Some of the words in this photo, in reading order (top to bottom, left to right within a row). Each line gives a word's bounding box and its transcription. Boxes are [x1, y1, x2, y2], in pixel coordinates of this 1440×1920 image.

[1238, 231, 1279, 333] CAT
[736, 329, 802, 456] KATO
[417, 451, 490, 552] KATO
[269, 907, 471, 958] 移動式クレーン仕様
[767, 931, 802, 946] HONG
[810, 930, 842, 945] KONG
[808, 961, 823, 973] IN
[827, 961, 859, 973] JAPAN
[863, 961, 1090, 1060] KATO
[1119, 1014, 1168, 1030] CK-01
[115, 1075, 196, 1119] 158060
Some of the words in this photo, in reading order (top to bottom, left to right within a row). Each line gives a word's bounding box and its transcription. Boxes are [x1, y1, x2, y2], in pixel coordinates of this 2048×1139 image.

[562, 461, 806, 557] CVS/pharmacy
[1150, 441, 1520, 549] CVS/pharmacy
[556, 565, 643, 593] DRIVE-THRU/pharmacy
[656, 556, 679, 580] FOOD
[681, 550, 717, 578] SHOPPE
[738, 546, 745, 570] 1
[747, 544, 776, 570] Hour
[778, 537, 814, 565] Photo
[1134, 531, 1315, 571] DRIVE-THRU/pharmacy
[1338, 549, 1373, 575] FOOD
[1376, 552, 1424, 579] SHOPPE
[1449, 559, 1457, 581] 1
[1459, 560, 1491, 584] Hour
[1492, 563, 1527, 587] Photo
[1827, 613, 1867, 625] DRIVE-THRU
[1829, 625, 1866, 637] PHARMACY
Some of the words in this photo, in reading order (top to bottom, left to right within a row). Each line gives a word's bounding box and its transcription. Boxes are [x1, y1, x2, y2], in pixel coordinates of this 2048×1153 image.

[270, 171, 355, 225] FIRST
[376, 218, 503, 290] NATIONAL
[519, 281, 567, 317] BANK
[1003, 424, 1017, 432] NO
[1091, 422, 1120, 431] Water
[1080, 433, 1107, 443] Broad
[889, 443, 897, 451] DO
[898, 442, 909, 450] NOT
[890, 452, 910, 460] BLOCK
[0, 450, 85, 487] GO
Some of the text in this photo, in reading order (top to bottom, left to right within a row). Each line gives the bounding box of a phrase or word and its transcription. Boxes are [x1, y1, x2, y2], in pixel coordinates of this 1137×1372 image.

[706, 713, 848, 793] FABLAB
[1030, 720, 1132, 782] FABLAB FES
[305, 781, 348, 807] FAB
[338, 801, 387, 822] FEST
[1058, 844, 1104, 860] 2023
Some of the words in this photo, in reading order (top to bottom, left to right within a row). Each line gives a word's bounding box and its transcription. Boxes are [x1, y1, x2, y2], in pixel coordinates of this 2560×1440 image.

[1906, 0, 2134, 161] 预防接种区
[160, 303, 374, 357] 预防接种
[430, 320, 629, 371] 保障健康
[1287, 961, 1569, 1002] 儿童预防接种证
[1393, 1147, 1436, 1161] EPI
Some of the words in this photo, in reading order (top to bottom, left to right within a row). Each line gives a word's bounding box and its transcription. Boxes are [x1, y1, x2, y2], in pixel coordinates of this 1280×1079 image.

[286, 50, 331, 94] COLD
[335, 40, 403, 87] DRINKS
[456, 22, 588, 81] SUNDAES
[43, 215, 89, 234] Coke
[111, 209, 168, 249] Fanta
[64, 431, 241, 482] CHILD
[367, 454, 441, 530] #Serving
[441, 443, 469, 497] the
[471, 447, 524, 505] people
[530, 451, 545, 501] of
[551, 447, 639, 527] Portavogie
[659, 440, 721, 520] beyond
• • • •
◆ WHAT IS REQUIRED:
Once the line containing "Some of the text" is found, please retype it and every remaining line of the listing above, exactly, with nothing else.

◆ SOLUTION:
Some of the text in this photo, in reading order (top to bottom, left to right within a row). Each line gives the bounding box of a phrase or word and its transcription. Boxes are [x1, y1, x2, y2], in pixel coordinates of this 1137×1372 image.

[706, 713, 848, 793] FABLAB
[1030, 720, 1132, 782] FABLAB FES
[305, 781, 348, 807] FAB
[338, 801, 387, 822] FEST
[1058, 844, 1104, 860] 2023
Some of the words in this photo, in reading order (top to bottom, left to right within a row). Each line gives a word's bounding box and its transcription. Boxes are [x1, y1, x2, y2], in pixel coordinates of this 2560×1440 image.

[1906, 0, 2134, 161] 预防接种区
[160, 303, 374, 357] 预防接种
[430, 320, 629, 371] 保障健康
[1287, 961, 1569, 1002] 儿童预防接种证
[1393, 1147, 1436, 1161] EPI
Some of the words in this photo, in reading order (top to bottom, left to right within a row). Each line gives a word's bounding box and its transcription. Boxes are [x1, y1, x2, y2], in pixel coordinates of this 1280×1079 image.

[286, 50, 331, 94] COLD
[335, 40, 403, 87] DRINKS
[456, 22, 588, 81] SUNDAES
[43, 215, 89, 234] Coke
[111, 209, 168, 249] Fanta
[64, 431, 241, 482] CHILD
[367, 454, 441, 530] #Serving
[441, 443, 469, 497] the
[471, 447, 524, 505] people
[530, 451, 545, 501] of
[551, 447, 639, 527] Portavogie
[659, 440, 721, 520] beyond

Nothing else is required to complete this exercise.